L’île Tromelin, c’est ça :

Un banc de sable perdu dans l’océan Indien. Un rapport sénatorial de novembre 2012 décrit une île de « 1,5 km de longueur sur 0,7 km de largeur, [‘] dépourvue d’eau potable et balayée par des alizés qui rendent toute culture impossible et qui ne peut être abordée que dans des conditions difficiles ». Une île qui « ne présente pas d’intérêt économique », selon le même rapport, et qui n’a quasiment pas été habitée seuls quelques esclaves naufragés d’un bateau négrier y vécurent pendant quinze ans au XVIIIe siècle, avant d’être secourus. Elle abrite bien, depuis 1954, une station météorologique, dont le fonctionnement a été automatisé ces dernières années.

Et pourtant, l’île Tromelin, possession française au large de Madagascar, est âprement revendiquée par la République de Maurice.

L’enjeu de la « zone économique exclusive »

Car c’est surtout l’espace autour de l’île qui intéresse les deux Etats. L’îlot permet de revendiquer le contrôle de 280 000 km² de zone économique exclusive (ZEE), ce qui fait de la France l’Etat contrôlant le plus vaste espace maritime au monde avec, au total, 11,7 millions de kilomètres carrés de ZEE. Concrètement, la ZEE permet notamment le contrôle des droits de pêche et d’exploitation d’éventuelles autres ressources. Un enjeu de taille pour une telle surface.
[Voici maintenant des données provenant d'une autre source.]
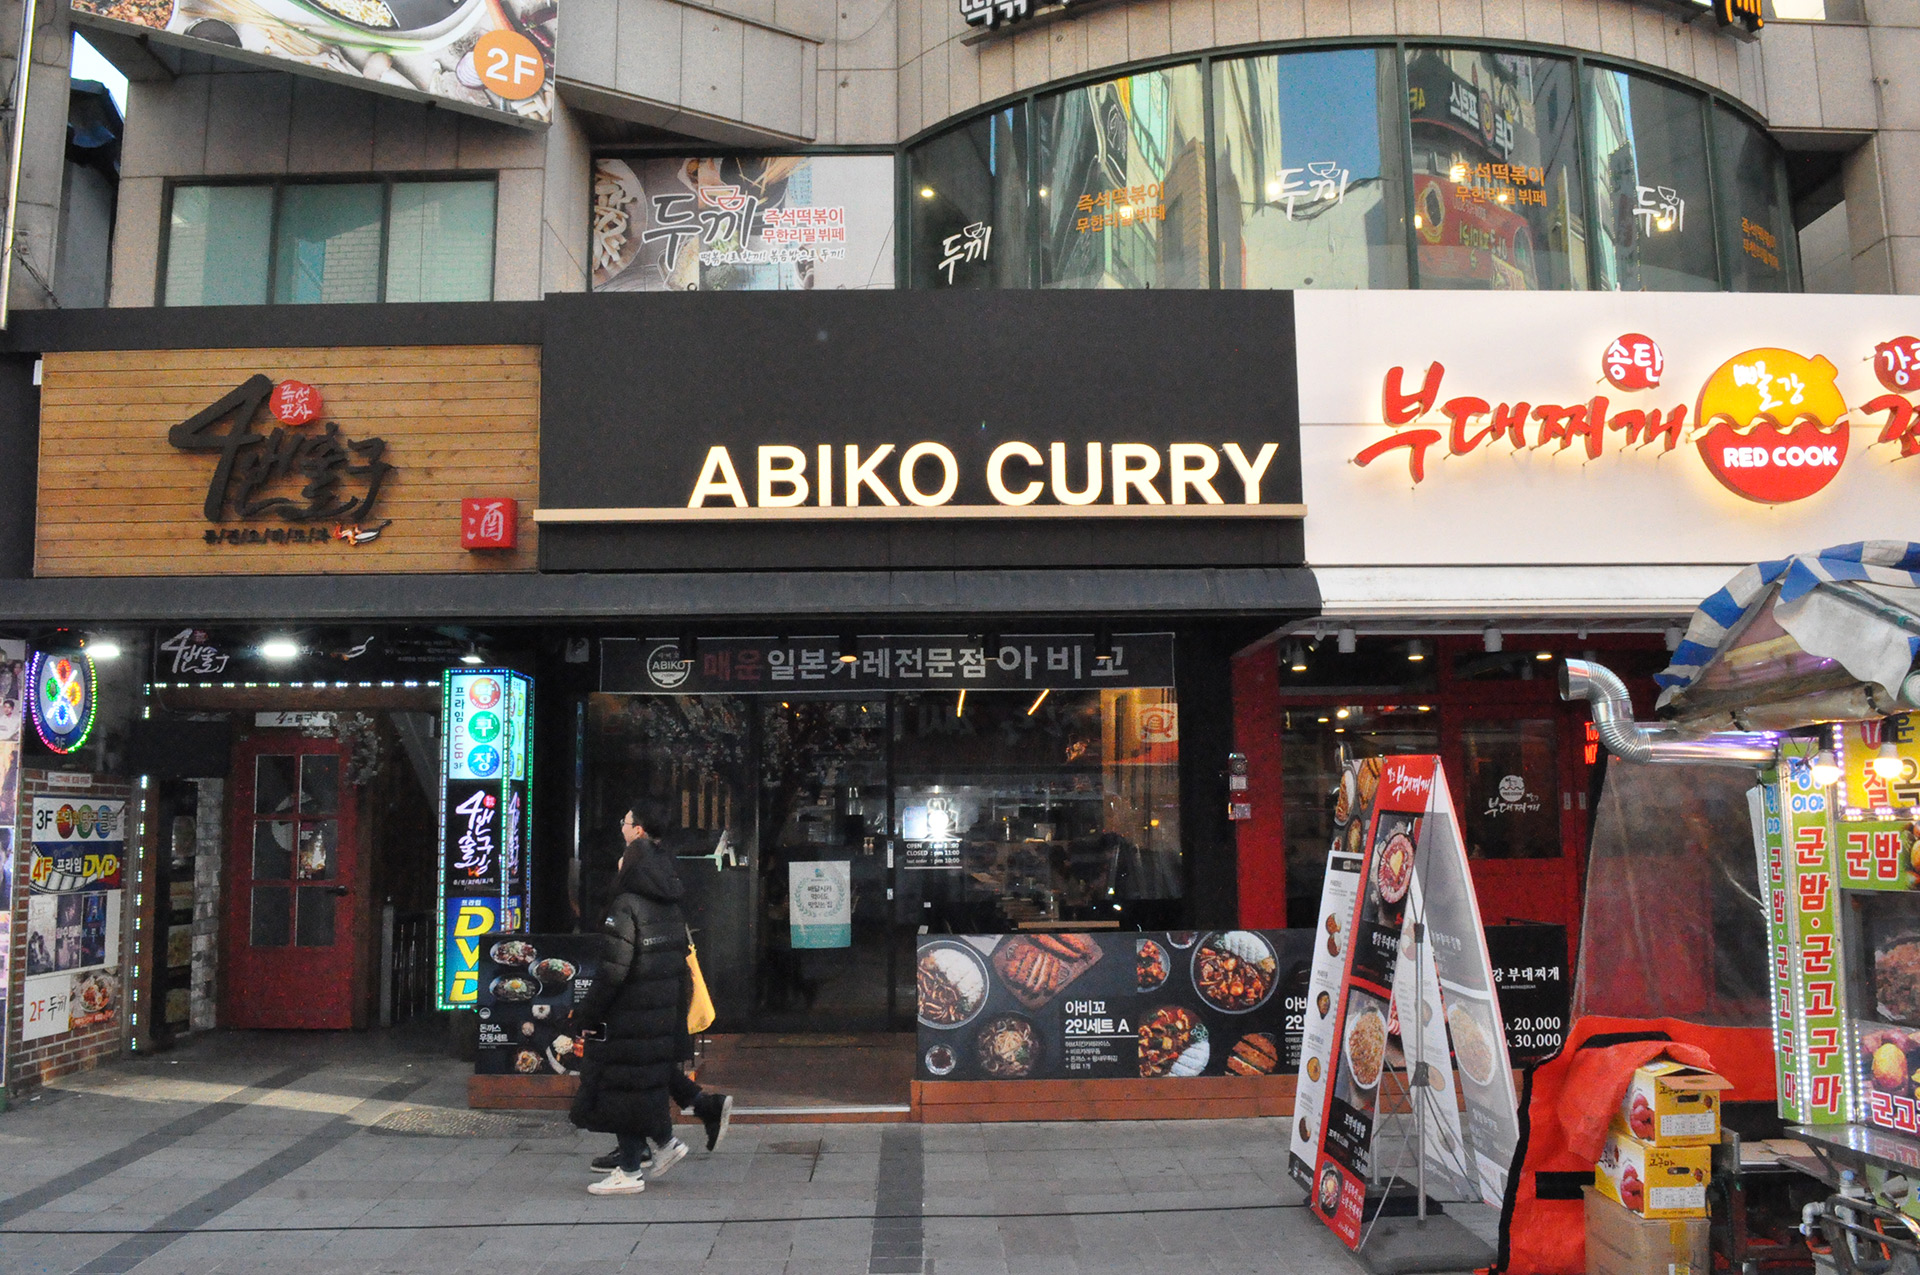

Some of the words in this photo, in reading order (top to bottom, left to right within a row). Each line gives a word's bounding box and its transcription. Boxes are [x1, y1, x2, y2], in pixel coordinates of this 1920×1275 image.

[486, 47, 538, 85] 2F
[1077, 181, 1165, 212] 즉석떡볶이
[1273, 164, 1348, 220] 두끼
[764, 208, 844, 226] 즉석떡볶이
[1136, 204, 1166, 223] 뷔페
[1633, 186, 1685, 238] 두끼
[643, 193, 757, 271] 두끼
[762, 227, 816, 243] 무한리필
[817, 227, 845, 242] 뷔페
[939, 224, 991, 284] 두끼
[1607, 340, 1662, 382] 송탄
[1354, 361, 1688, 484] 부대찌개
[1723, 446, 1769, 467] RED
[1772, 446, 1838, 467] COOK
[689, 442, 960, 508] ABIKO
[986, 442, 1279, 506] CURRY
[466, 503, 504, 542] 酒
[652, 660, 686, 670] ABIKO
[703, 651, 761, 681] 매운
[767, 647, 986, 680] 일본카레전문점
[455, 686, 464, 723] 프라임
[454, 725, 465, 759] CLUB
[472, 682, 497, 772] 당구장
[453, 762, 463, 770] 3F
[36, 809, 54, 830] 3F
[32, 856, 53, 882] 4F
[56, 857, 83, 873] 프라임
[83, 854, 118, 877] DVD
[1846, 831, 1902, 879] 군밤
[1508, 966, 1560, 982] 부대찌개
[29, 999, 46, 1023] 2F
[1065, 1000, 1107, 1016] 아비꼬
[1065, 1018, 1115, 1034] 2인세트
[1117, 1018, 1130, 1033] A
[1514, 1017, 1561, 1032] 20,000
[1515, 1033, 1562, 1049] 30,000
[1871, 1091, 1920, 1132] 군고
La République de Maurice estime que ce contrôle lui revient de droit et accorde déjà des permis de pêche dans les eaux entourant Tromelin à des bateaux asiatiques. Il leur est cependant fortement déconseillé d’aller y pêcher, depuis qu’un navire japonais a été arraisonné par des militaires français chargés du contrôle de la zone en octobre 2004. L’incident avait provoqué de « vives tensions », selon le rapport sénatorial.
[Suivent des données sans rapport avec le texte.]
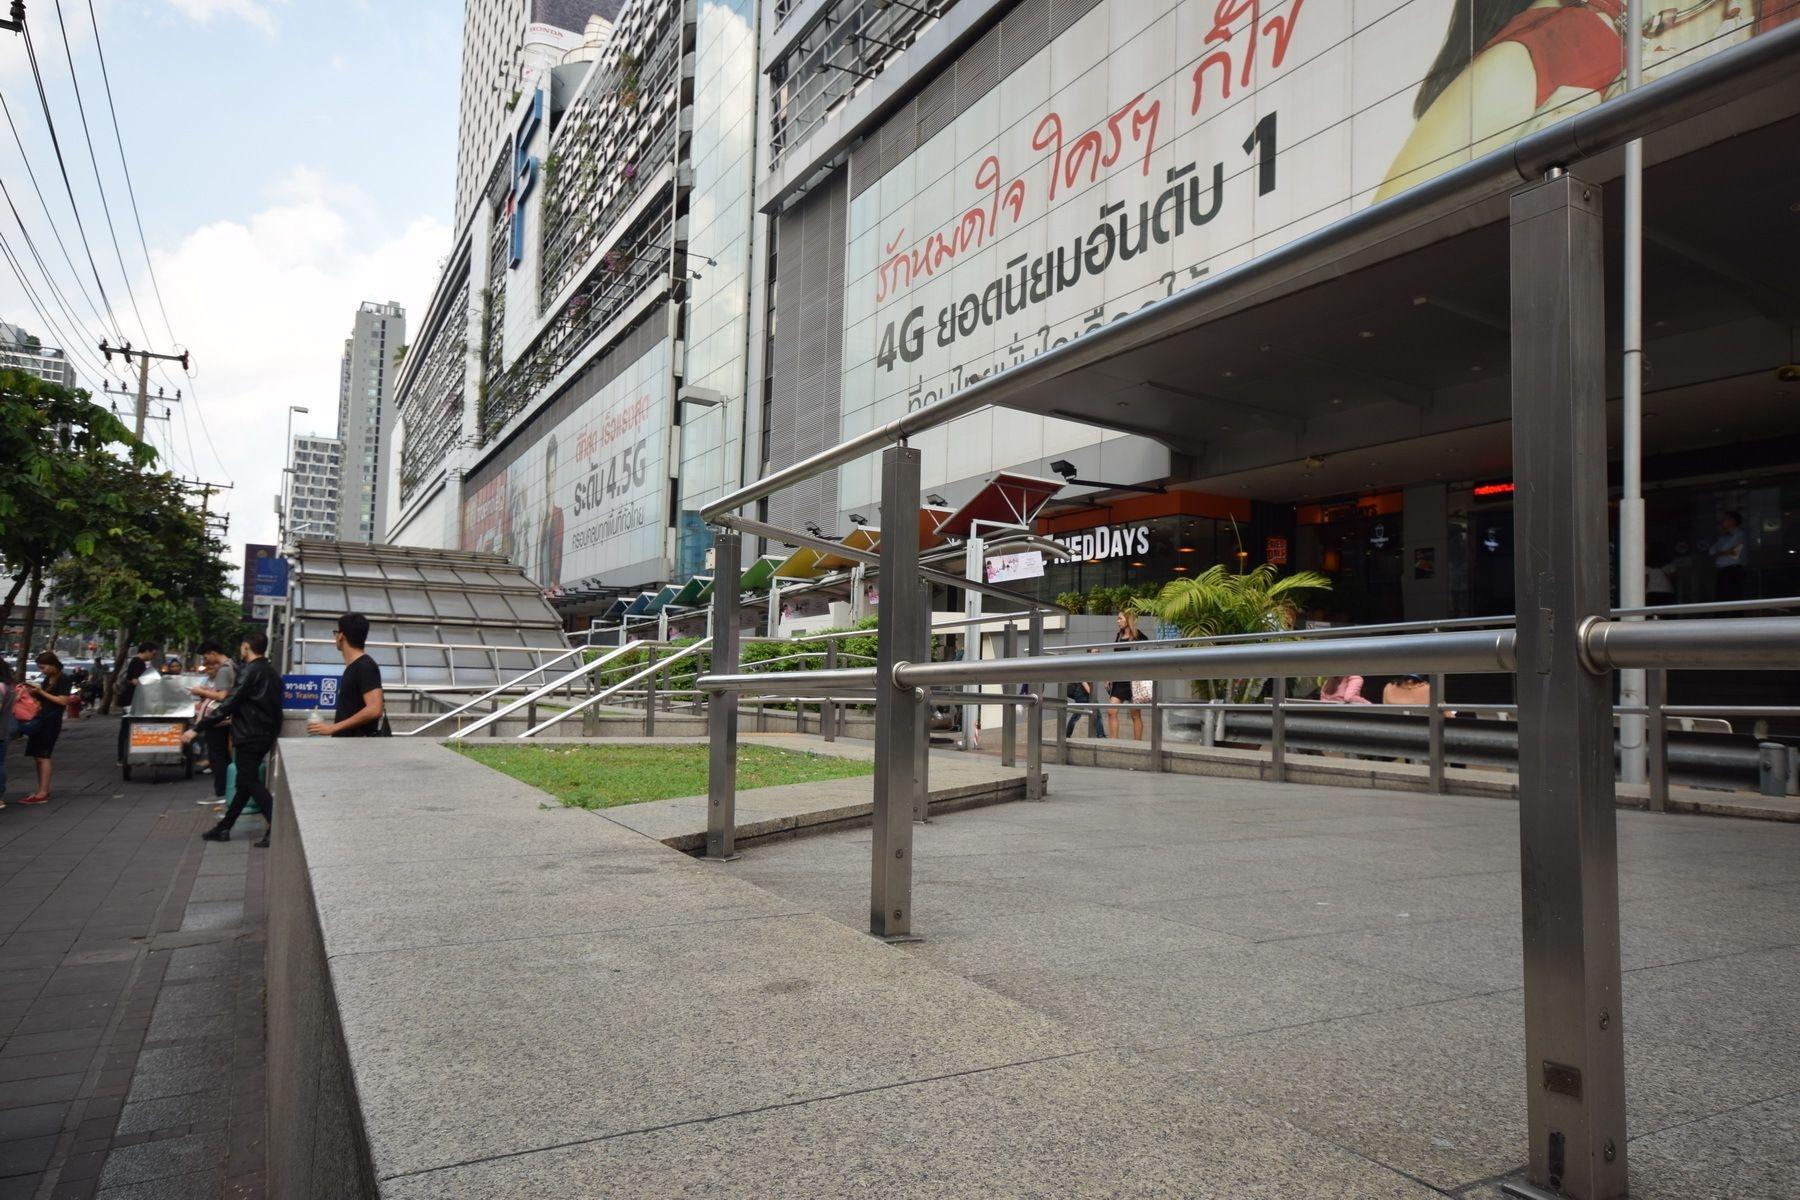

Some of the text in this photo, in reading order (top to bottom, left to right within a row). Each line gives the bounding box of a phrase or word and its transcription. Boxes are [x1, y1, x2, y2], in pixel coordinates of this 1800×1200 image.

[876, 155, 1025, 303] รักหมดใจ
[1032, 92, 1161, 201] ใครๆ
[877, 305, 925, 373] 4G
[936, 161, 1224, 348] ยอดนิยมอันดับ
[1242, 111, 1277, 197] 1
[574, 462, 604, 516] ระดับ
[606, 438, 646, 499] 4.5G
[285, 681, 318, 690] ทางเข้า
[296, 691, 319, 700] Trains
Un problème de traduction aléatoire

Maurice a pris son indépendance du Royaume-Uni en 1968. Avant cela, l’île avait été cédée par la France en 1814 à la Couronne britannique. C’est justement sur le traité de cette cession que se fonde l’Etat mauricien pour revendiquer son autorité sur Tromelin. Le texte en français prévoit que « l’île de France [nom de l’île Maurice à l’époque] et ses dépendances, nommément Rodrigue et les Séchelles [sic] » soient cédées à la Grande-Bretagne. La France considère cette liste des îles appartenant à Maurice comme exhaustive, mais les Mauriciens, qui se réfèrent à la version anglaise du traité, considère que seuls deux exemples sont cités. Aux yeux de la petite république, Tromelin aurait donc dû être aux mains des Britanniques avant d’appartenir à Maurice à l’indépendance.
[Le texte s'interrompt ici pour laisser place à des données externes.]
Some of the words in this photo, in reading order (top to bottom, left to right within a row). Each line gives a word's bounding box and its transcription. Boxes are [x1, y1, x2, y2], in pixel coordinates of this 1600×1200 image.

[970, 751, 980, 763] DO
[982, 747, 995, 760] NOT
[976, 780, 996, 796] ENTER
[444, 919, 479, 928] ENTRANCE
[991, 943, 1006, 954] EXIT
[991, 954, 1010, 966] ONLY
En 2010, un accord a été signé entre la France et l’île Maurice pour assurer une « cogestion économique, scientifique et environnementale relative à l’île Tromelin et à ses espaces maritimes environnants ». Ce dernier a par exemple permis que des recherches archéologiques se fassent de manière conjointe pour étudier l’histoire de l’îlot.

L’accord, « un dangereux précédent » pour ses opposants

Bien que signé, l’accord ne peut pas entrer en vigueur sans accord de l’Assemblée nationale, qui rechigne à le valider. Déjà refusé en 2013, le texte devait être à nouveau débattu dans l’hémicycle le 18 janvier. La séance a finalement été reportée. Plusieurs députés sont dressés contre un projet de loi qui créerait « un dangereux précédent », selon le député centriste du Tarn Philippe Folliot (UDI).

L’opposition est avant tout symbolique. Le député centriste estime que cette cogestion pourrait servir « de fondement pour justifier, légitimer et accroître les revendications de Madagascar sur les îles Eparses, du Mexique sur la Passion Clipperton voire, à terme, de l’Afrique du Sud ou de l’Australie sur les Terres australes’ »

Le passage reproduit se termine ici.